### WHAT YOU SHOULD DO
The data that follows is to be copied exactly, with each image removed.

(AVAILABLE RECORDS)

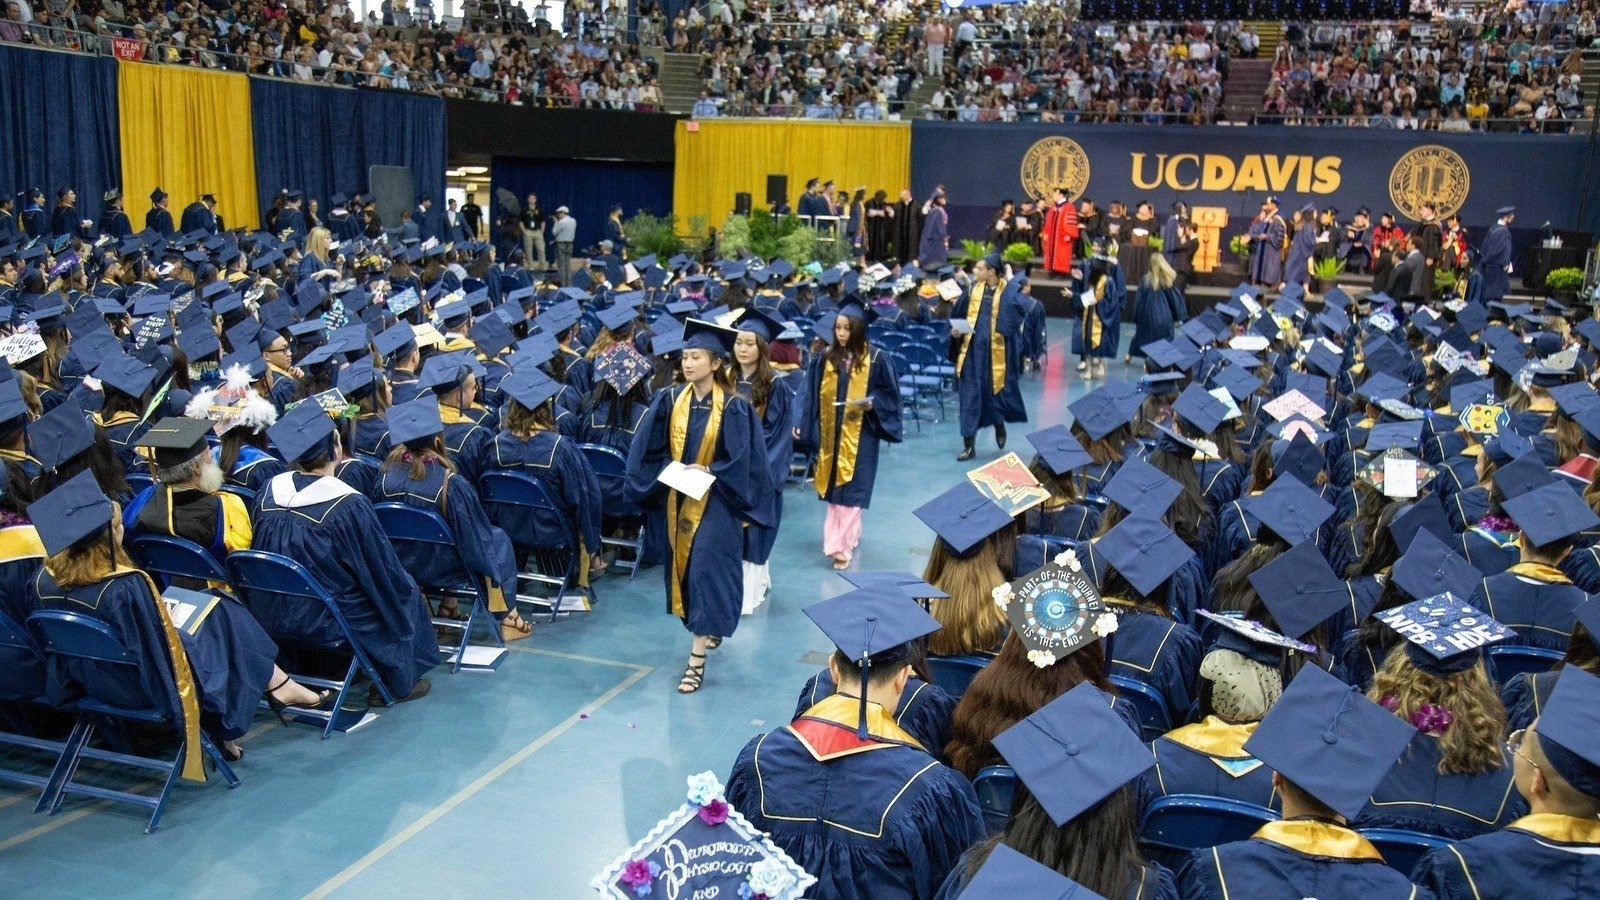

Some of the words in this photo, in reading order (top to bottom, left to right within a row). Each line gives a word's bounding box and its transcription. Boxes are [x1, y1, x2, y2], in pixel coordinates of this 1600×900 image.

[116, 40, 130, 49] NOT
[130, 43, 140, 51] AN
[1019, 577, 1037, 598] PART
[1040, 570, 1051, 580] OF
[1057, 570, 1071, 581] THE
[1023, 626, 1035, 637] IS
[1039, 636, 1054, 648] THE
[1062, 636, 1079, 648] END
[1382, 614, 1437, 644] NPB
[1444, 624, 1504, 650] HDE
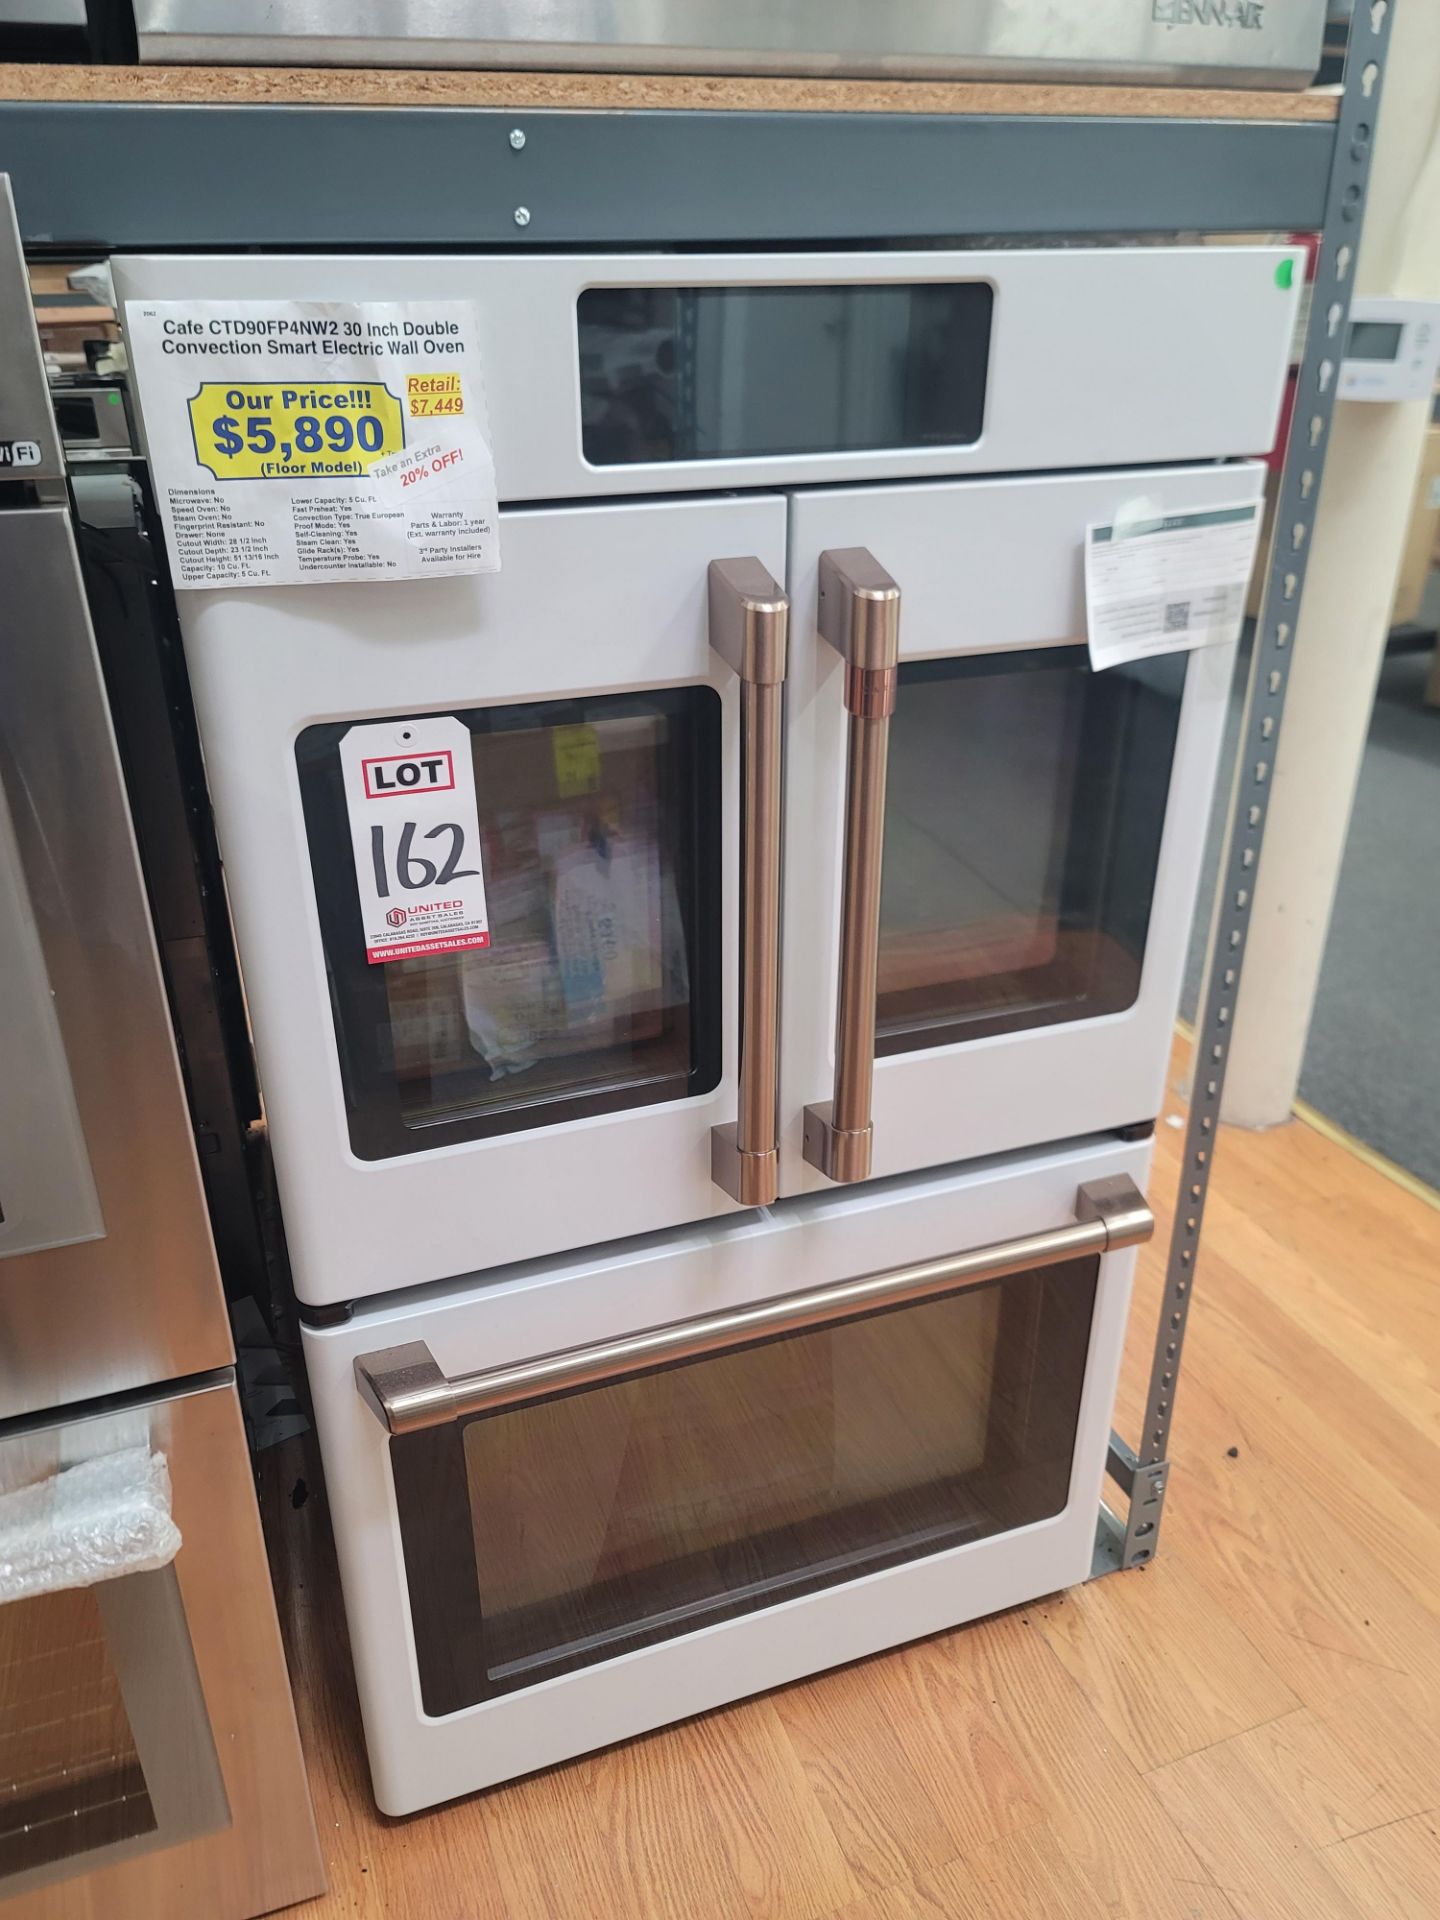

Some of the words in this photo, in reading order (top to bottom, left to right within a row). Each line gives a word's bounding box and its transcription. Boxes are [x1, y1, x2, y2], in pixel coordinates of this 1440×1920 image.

[163, 319, 204, 335] Cafe
[209, 320, 339, 336] CTD90FP4NW2
[343, 321, 362, 336] 30
[368, 322, 398, 337] Inch
[403, 321, 459, 336] Double
[162, 339, 262, 355] Convection
[267, 339, 317, 355] Smart
[322, 340, 384, 355] Electric
[387, 340, 418, 355] Wall
[423, 340, 465, 354] Oven
[408, 376, 461, 392] Retail:
[226, 390, 273, 410] Our
[282, 390, 371, 409] Price!!!
[410, 397, 463, 416] $7,449
[212, 415, 384, 462] $5,890
[373, 464, 398, 480] Take
[400, 458, 413, 469] an
[414, 444, 442, 462] Extra
[261, 462, 307, 479] (Floor
[311, 461, 363, 477] Model)
[400, 469, 429, 488] 20%
[431, 448, 464, 474] OFF!
[168, 488, 216, 496] Dimensions
[314, 497, 347, 505] Capacity:
[171, 506, 194, 514] Speed
[431, 511, 463, 519] Warranty
[173, 514, 196, 522] Steam
[334, 513, 353, 521] Type:
[372, 512, 405, 520] European
[174, 523, 215, 531] Fingerprint
[216, 521, 253, 529] Resistant:
[470, 519, 485, 527] year
[175, 531, 204, 539] Drawer:
[295, 531, 344, 539] Self-Cleaning:
[407, 531, 423, 539] (Ext.
[425, 529, 456, 537] warranty
[458, 526, 491, 535] included)
[178, 548, 203, 556] Cutout
[205, 547, 229, 555] Depth:
[317, 547, 346, 555] Rack(s):
[429, 546, 448, 554] Party
[450, 544, 482, 552] Installers
[179, 556, 204, 564] Cutout
[206, 555, 231, 564] Height:
[298, 555, 341, 563] Temperature
[421, 554, 454, 563] Available
[181, 564, 215, 573] Capacity:
[299, 563, 346, 571] Undercounter
[348, 561, 385, 569] Installable:
[182, 573, 204, 581] Upper
[206, 571, 239, 579] Capacity:
[374, 759, 443, 790] LOT
[370, 822, 480, 898] 162
[408, 900, 463, 914] UNITED
[410, 914, 436, 922] ASSET
[438, 910, 464, 918] SALES
[372, 936, 484, 959] WWW.UNITEDASSETSALES.COM

(End AVAILABLE RECORDS)

### SOLUTION TO THIS TASK
Some of the words in this photo, in reading order (top to bottom, left to right within a row). Each line gives a word's bounding box and its transcription. Boxes are [x1, y1, x2, y2], in pixel coordinates of this 1600×900 image.

[116, 40, 130, 49] NOT
[130, 43, 140, 51] AN
[1019, 577, 1037, 598] PART
[1040, 570, 1051, 580] OF
[1057, 570, 1071, 581] THE
[1023, 626, 1035, 637] IS
[1039, 636, 1054, 648] THE
[1062, 636, 1079, 648] END
[1382, 614, 1437, 644] NPB
[1444, 624, 1504, 650] HDE

Some of the words in this photo, in reading order (top to bottom, left to right within a row). Each line gives a word's bounding box and its transcription. Boxes are [x1, y1, x2, y2], in pixel coordinates of this 1440×1920 image.

[163, 319, 204, 335] Cafe
[209, 320, 339, 336] CTD90FP4NW2
[343, 321, 362, 336] 30
[368, 322, 398, 337] Inch
[403, 321, 459, 336] Double
[162, 339, 262, 355] Convection
[267, 339, 317, 355] Smart
[322, 340, 384, 355] Electric
[387, 340, 418, 355] Wall
[423, 340, 465, 354] Oven
[408, 376, 461, 392] Retail:
[226, 390, 273, 410] Our
[282, 390, 371, 409] Price!!!
[410, 397, 463, 416] $7,449
[212, 415, 384, 462] $5,890
[373, 464, 398, 480] Take
[400, 458, 413, 469] an
[414, 444, 442, 462] Extra
[261, 462, 307, 479] (Floor
[311, 461, 363, 477] Model)
[400, 469, 429, 488] 20%
[431, 448, 464, 474] OFF!
[168, 488, 216, 496] Dimensions
[314, 497, 347, 505] Capacity:
[171, 506, 194, 514] Speed
[431, 511, 463, 519] Warranty
[173, 514, 196, 522] Steam
[334, 513, 353, 521] Type:
[372, 512, 405, 520] European
[174, 523, 215, 531] Fingerprint
[216, 521, 253, 529] Resistant:
[470, 519, 485, 527] year
[175, 531, 204, 539] Drawer:
[295, 531, 344, 539] Self-Cleaning:
[407, 531, 423, 539] (Ext.
[425, 529, 456, 537] warranty
[458, 526, 491, 535] included)
[178, 548, 203, 556] Cutout
[205, 547, 229, 555] Depth:
[317, 547, 346, 555] Rack(s):
[429, 546, 448, 554] Party
[450, 544, 482, 552] Installers
[179, 556, 204, 564] Cutout
[206, 555, 231, 564] Height:
[298, 555, 341, 563] Temperature
[421, 554, 454, 563] Available
[181, 564, 215, 573] Capacity:
[299, 563, 346, 571] Undercounter
[348, 561, 385, 569] Installable:
[182, 573, 204, 581] Upper
[206, 571, 239, 579] Capacity:
[374, 759, 443, 790] LOT
[370, 822, 480, 898] 162
[408, 900, 463, 914] UNITED
[410, 914, 436, 922] ASSET
[438, 910, 464, 918] SALES
[372, 936, 484, 959] WWW.UNITEDASSETSALES.COM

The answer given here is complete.